En ce début de semaine sur le marché obligataire, suite à de nouvelles émissions espagnoles et italiennes, ainsi que sur les places boursières, où les valeurs financières ont à nouveau dégringolé lundi, l’ambiance n’est pas à la fête. Généralement l’un va bien quand l’autre va mal, les investisseurs suivant le mouvement de balance en l’amplifiant, mais ce n’est même plus le cas.

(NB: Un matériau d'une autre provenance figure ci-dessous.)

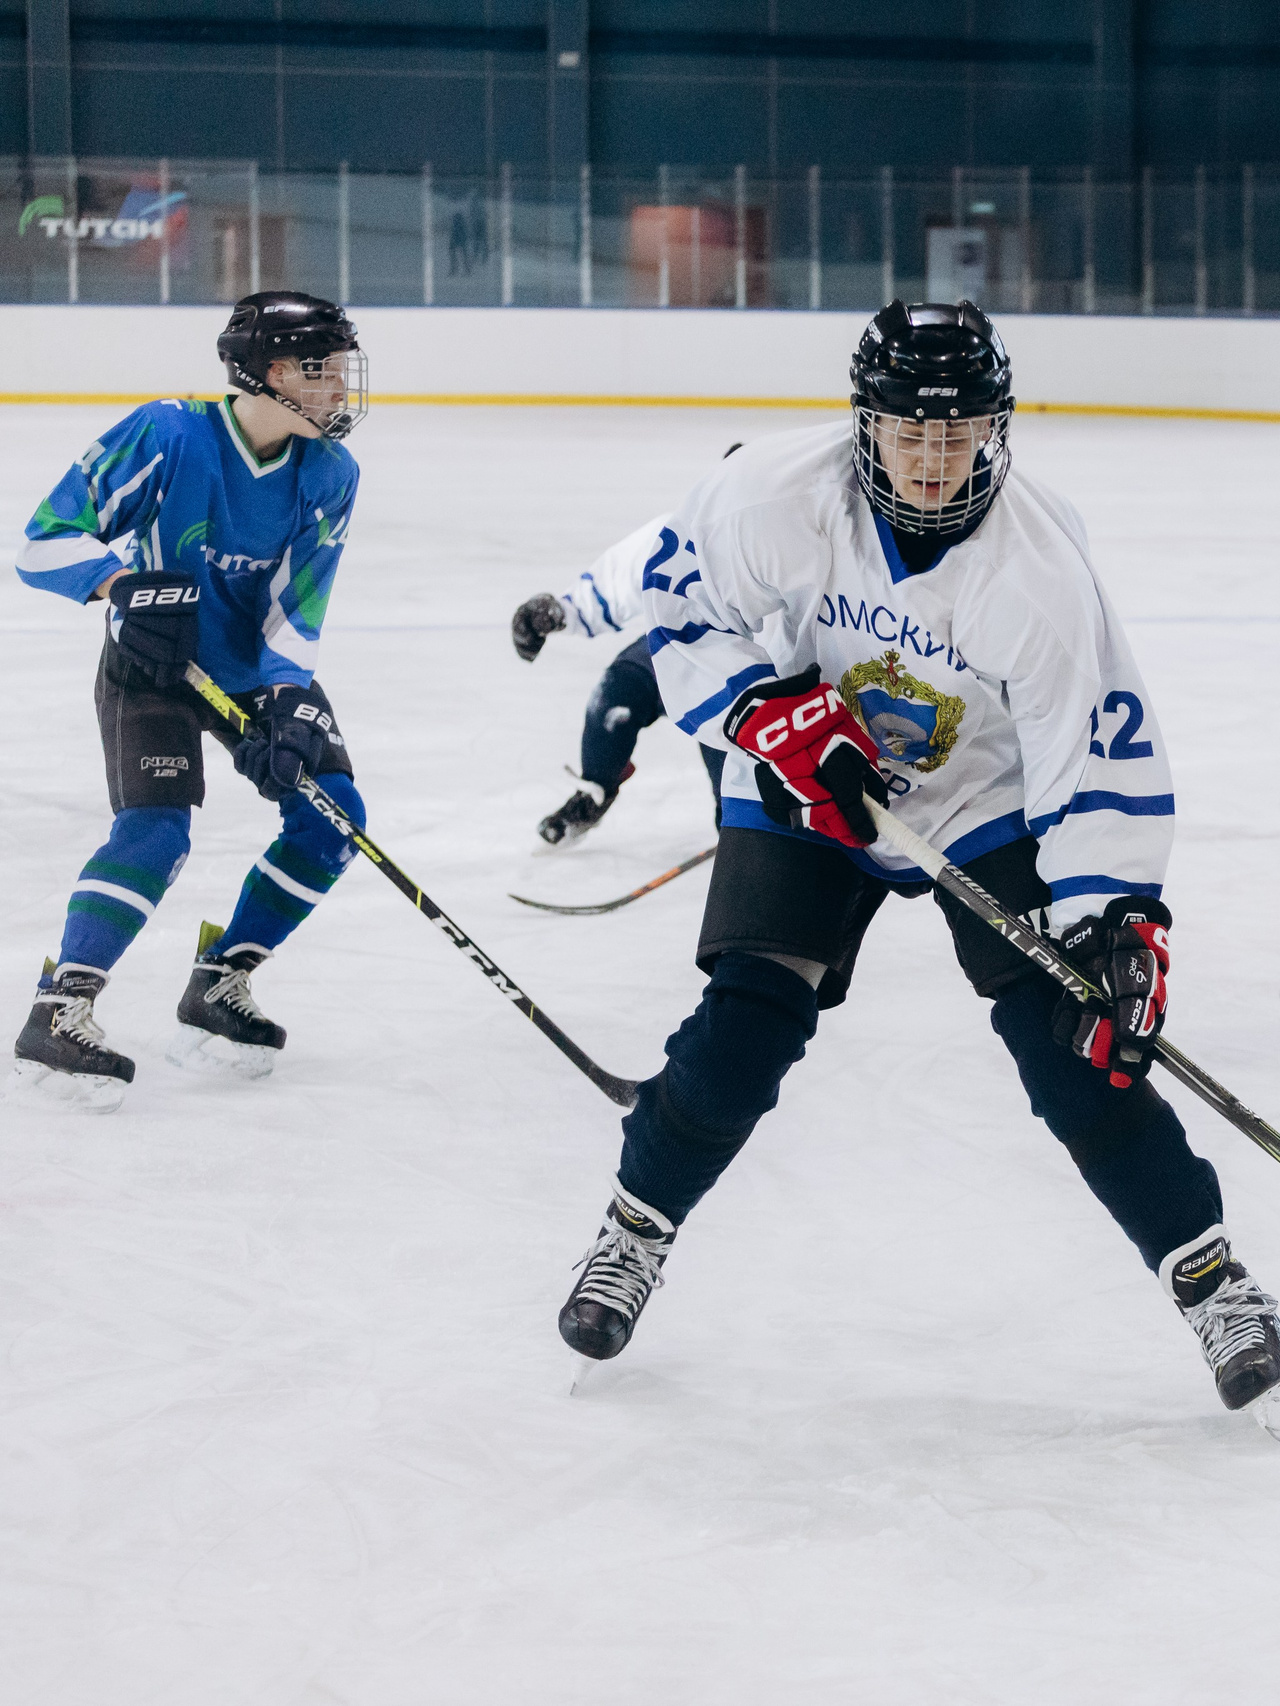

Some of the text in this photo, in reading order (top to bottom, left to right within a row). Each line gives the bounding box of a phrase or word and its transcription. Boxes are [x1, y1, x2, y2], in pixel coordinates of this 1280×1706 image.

La chute du gouvernement de centre-droit hollandais, l’un des piliers européens de la rigueur, ainsi que les résultats électoraux français n’y sont pas pour rien.


Le ministre espagnol du budget, Cristobal Montoro, vient de reconnaître que le pays vivait « un moment extrêmement délicat », tandis que la Banque de Grèce prévoit une nouvelle aggravation de la récession pour cette année (un taux frisant désormais -5%) et la poursuite de la baisse de l’inflation, qui pourrait n’être que de 0,5% en 2013. Au bord de la déflation.

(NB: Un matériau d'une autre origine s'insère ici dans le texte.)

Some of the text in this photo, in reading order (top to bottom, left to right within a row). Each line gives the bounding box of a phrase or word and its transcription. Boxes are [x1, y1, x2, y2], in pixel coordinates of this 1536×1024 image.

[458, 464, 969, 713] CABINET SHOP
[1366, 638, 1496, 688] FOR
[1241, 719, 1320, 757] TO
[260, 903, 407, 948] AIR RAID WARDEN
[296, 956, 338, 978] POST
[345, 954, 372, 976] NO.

Dans ce contexte chargé, Olivier Blanchard, l’économiste en chef du FMI, en appelle aux autorités allemandes afin qu’elles acceptent l’émission d’euro-obligations, qui pourraient dans un premier temps se limiter à des maturités d’un an, dont les bénéficiaires seraient soumis au strict respect du traité budgétaire. Mais, témoignant d’une grande rigidité, Guido Westerwelle, le ministre libéral des affaires étrangères allemand, a de son côté rejeté toute renégociation de celui-ci, que François Hollande a assuré ne pas pouvoir présenter en l’état au parlement pour ratification.

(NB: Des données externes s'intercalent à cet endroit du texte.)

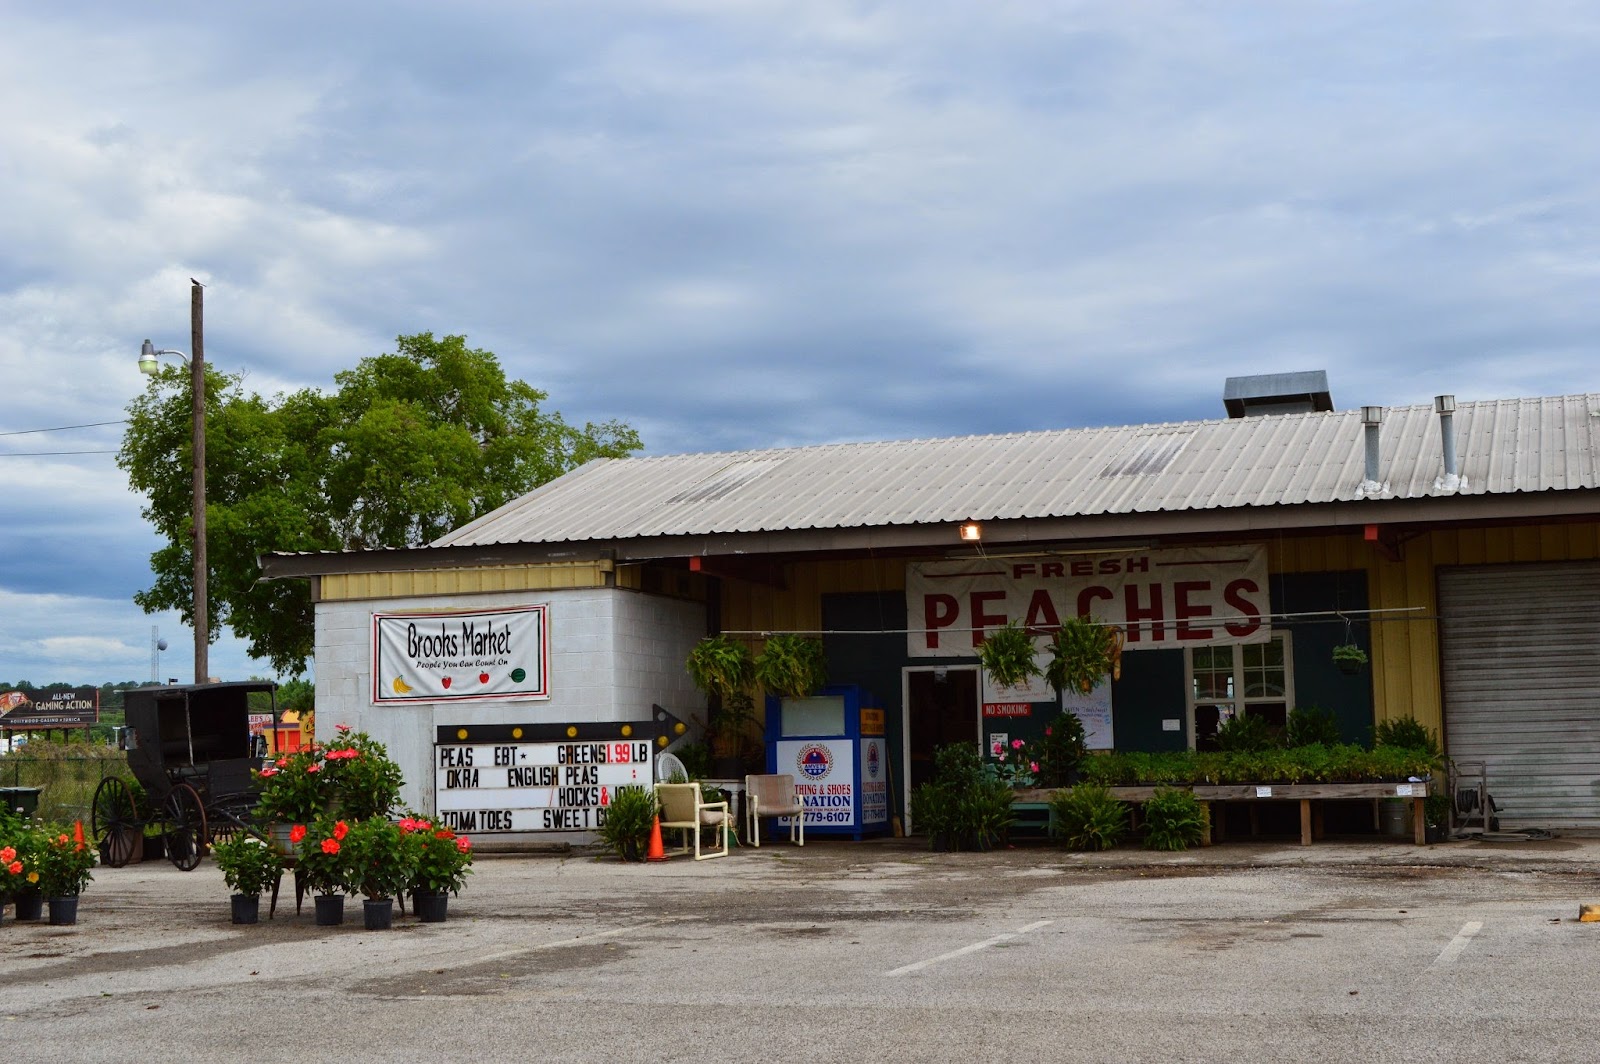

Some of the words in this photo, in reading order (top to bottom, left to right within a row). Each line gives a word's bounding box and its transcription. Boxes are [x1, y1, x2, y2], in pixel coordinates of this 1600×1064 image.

[1013, 556, 1149, 579] FRESH
[407, 622, 458, 659] Brooks
[462, 620, 511, 657] Market
[416, 660, 442, 670] People
[442, 660, 458, 670] You
[459, 660, 474, 668] Can
[475, 659, 496, 668] Count
[497, 658, 508, 666] On
[35, 701, 64, 711] GAMING
[65, 700, 92, 710] ACTION
[985, 705, 995, 715] NO
[996, 704, 1028, 714] SMOKING
[440, 747, 473, 767] PEAS
[494, 746, 518, 766] EBT
[557, 744, 606, 765] GREENS
[446, 769, 479, 789] OKRA
[507, 767, 559, 787] ENGLISH
[566, 766, 598, 785] PEAS
[558, 787, 599, 807] HOCKS
[600, 786, 609, 806] &
[795, 784, 817, 795] THING
[820, 784, 825, 795] &
[827, 784, 851, 795] SHOES
[442, 810, 513, 832] TOMATOES
[543, 808, 590, 829] SWEET

Lorsque la situation est désespérée et qu’il n’y a plus rien à attendre, un dernier espoir subsiste toujours : celui de l’arrivée inopinée de la cavalerie annoncée par une trompette sonnant dans le lointain. Bien que nous ne soyons pas au cinéma, les banques centrales jouent ce rôle dans le scénario d’encerclement financier que nous subissons. Le problème est que la même scène a déjà été être rejouée plusieurs fois !


Les banques centrales sont d’une double nature. Destinées aux sauvetages du système financier, elles en sont également les protectrices. Venant de se voir confiée la mission de régulation par le Congrès, la Fed américaine exprime au mieux cette dualité en la poussant jusqu’au bout.


Mais elles ne sont pas toutes-puissantes, ne disposant pas des bons outils. Gardiennes du Temple de la monnaie, elles en ont les attributs, qui sont inadaptés à une panne ayant comme origine la crise de solvabilité – due à une bulle d’endettement massive. En raison également du socle idéologique sur lequel elles ont été bâties, auquel elles ne cessent de faire référence. Ce qui ne les empêche pas de faire preuve du plus grand pragmatisme, quand elles y sont contraintes, tentant de compenser l’inadaptation de leurs mesures par leur effet de surprise.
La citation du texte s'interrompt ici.